COVID VaccinesReturn to WorkMental Health

As sales dropped, some pharmacies turned to pet meds to stay open

October 22, 2020, 12:00 PM UTC

When stay-at-home orders began to spread across the country, Shantelle Brown, owner of Hope Pharmacy in Richmond’s Church Hill neighborhood, saw a rush. People stocked up on their medications as they prepared to wait out the coronavirus pandemic. By the beginning of April, though, business had dried up.

One of the greatest ironies of the pandemic is that fewer people are visiting health care professionals—and that has impacted many pharmacies across the country. An August study from the Peterson Center on Healthcare and the Kaiser Family Foundation (KFF) shows the total number of filled prescriptions, as of late April, was down compared with January and February, but there are some signs of recent rebounding.

That initial gap was especially hard on small independent drugstores, including Brown’s.

Initially, Hope Pharmacy shifted by making hand sanitizer. The business distributed it to first responders for no charge and sold it to customers. The company vastly expanded its delivery business, as well. But as elective procedures were canceled, and apprehension grew about visiting the emergency room in that community, Brown knew she had to look for new ways to increase revenue.

One of the most successful initiatives has been adding pets to the patient list.
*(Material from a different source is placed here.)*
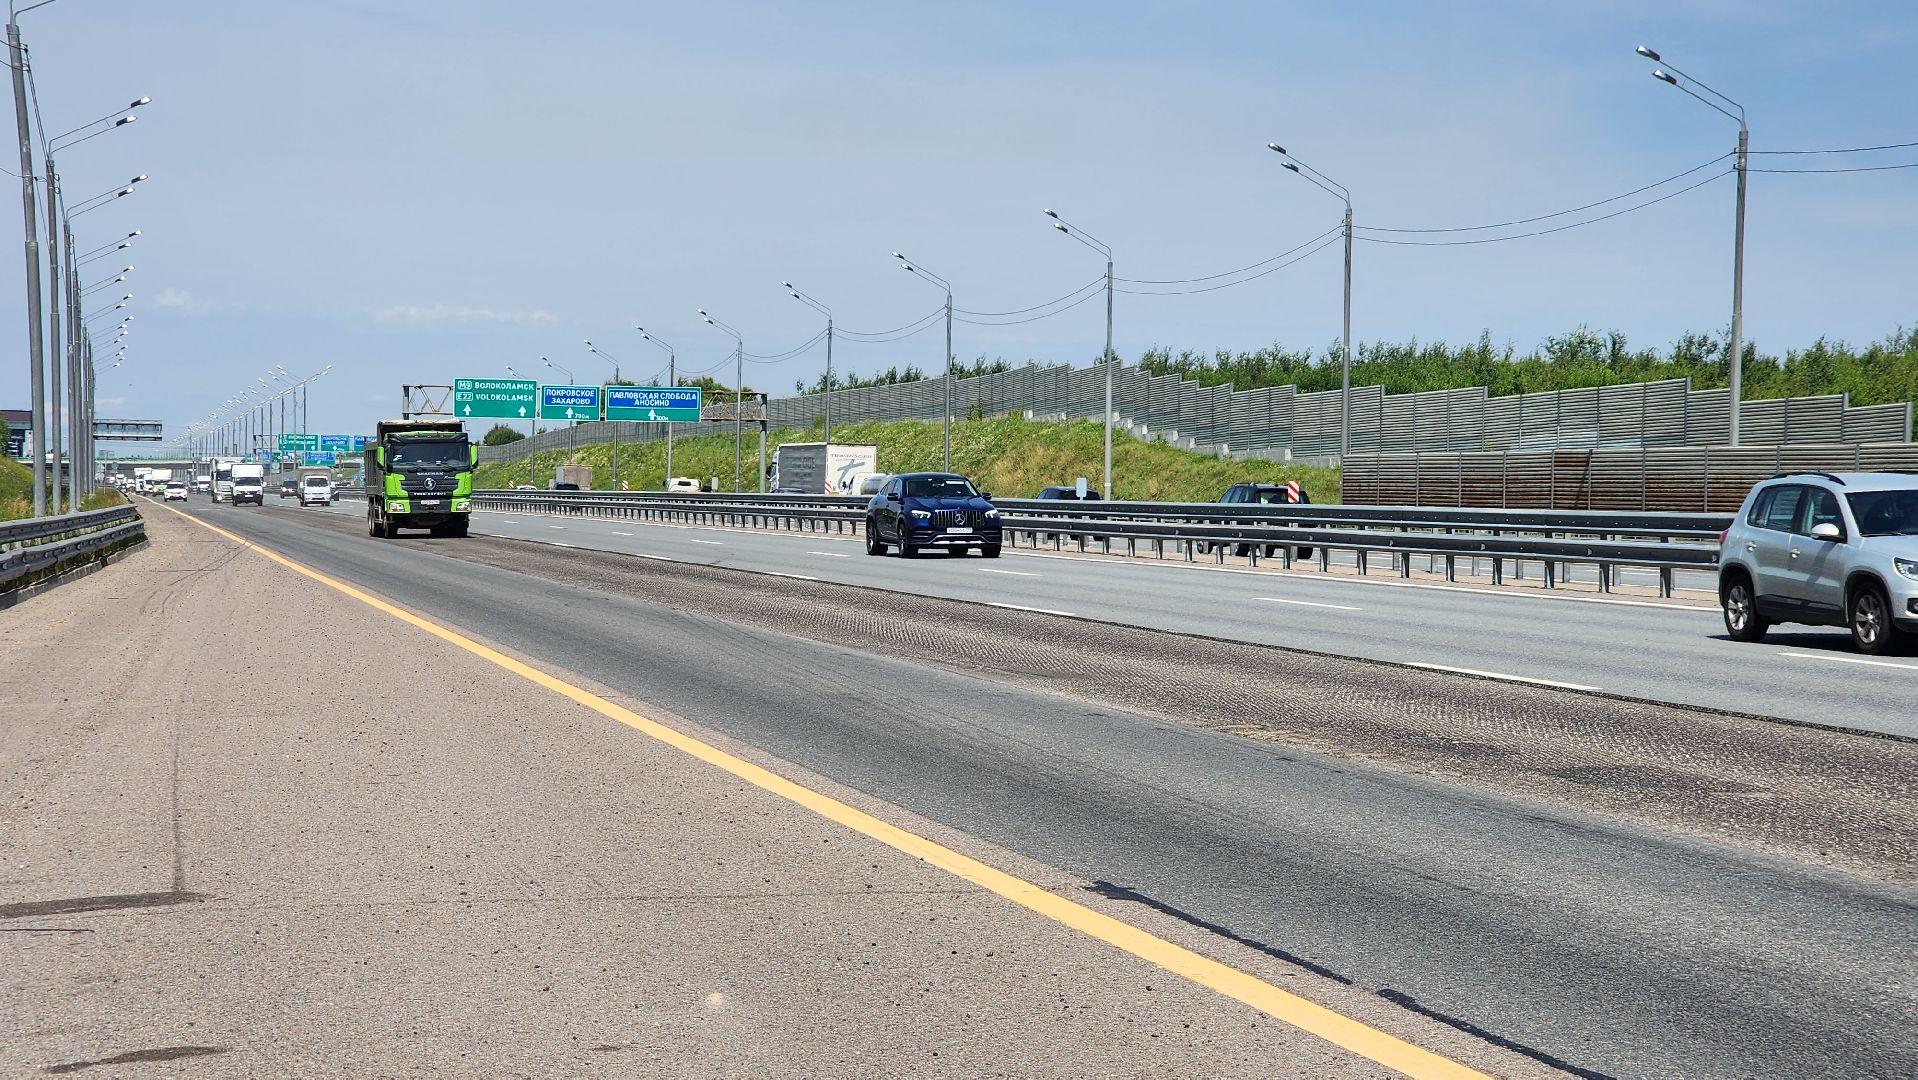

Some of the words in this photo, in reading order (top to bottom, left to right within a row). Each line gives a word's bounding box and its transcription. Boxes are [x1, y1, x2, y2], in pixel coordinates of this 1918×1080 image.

Before opening her own pharmacy, Brown worked at Sam’s Club, which included pet meds among its offerings while she was there. As she met with a strategic planning group in the early days of the pandemic, the idea popped into her head.

Getting access to the meds wasn’t hard. Many pets take the same medicines humans do for things like blood pressure and heart conditions. The trick was letting people know they had an option other than buying directly from their vet.

Brown’s not much for social media. She says she prefers a more “old-fashioned” way of attracting business, so she and her husband made up signs that people could put in their yards and flyers that accompanied deliveries. Before long, business picked up.

Hope Pharmacy, which opened at the end of April 2018, currently serves “800-something” people in the community, but since it began selling pet meds, it has been adding an average of two new patients per day. And while those aren’t numbers that would ping the radar at CVS, they’re huge for a small independent pharmacy.

“We had a couple of people advise us that we should partner with a vet,” says Brown. “I tried, but…I didn’t realize at the time how much vets were making off of pet meds. Our prices are so much cheaper, and we’re able to save patients quite a bit of money.”

COVID-19 hit as independent pharmacies were already facing challenges. Between 2009 and 2015, 9,654 pharmacies shut down—and independent pharmacies were three times as likely to close as chain pharmacies, according to U.S. News.

There was a fear that customers would rely more on mail-order pharmacies as the pandemic has continued, but Antonio Ciaccia, senior adviser for disruptive innovation and practice transformation at the American Pharmacists Association, says business has now largely returned to normal for many pharmacies.

People are still avoiding doctor’s offices, though, and the pharmacy industry is hoping to persuade regulators to let them integrate more clinical services into their practices, serving as a partner of sorts with physicians—another pandemic pivot that would bolster small practices.

“We’ve had conversations about getting pharmacists paid for things like pain management,” says Ciaccia. “We don’t want to replace primary care visits, but we’re interested in what opportunities exist where you can have the second most educated health care professional to engage the patient…Pharmacists certainly have the expertise and training. It just makes sense, given the accessibility they have to the patient.”

The goal with this, as with the carrying of pet meds or other products that aren’t traditional pharmacy staples, is the same, though: build a closer relationship with the patient-customer to earn his or her loyalty. In the event that another substantial wave of COVID hits the country—or some other pandemic forces people back into their homes—those customers will be more apt to return quickly.

“In the pharmacy business, it takes a while to build a clientele because people are used to going where they go,” says Brown. “Our hope and goal is not to just get the animal—we want the whole family.”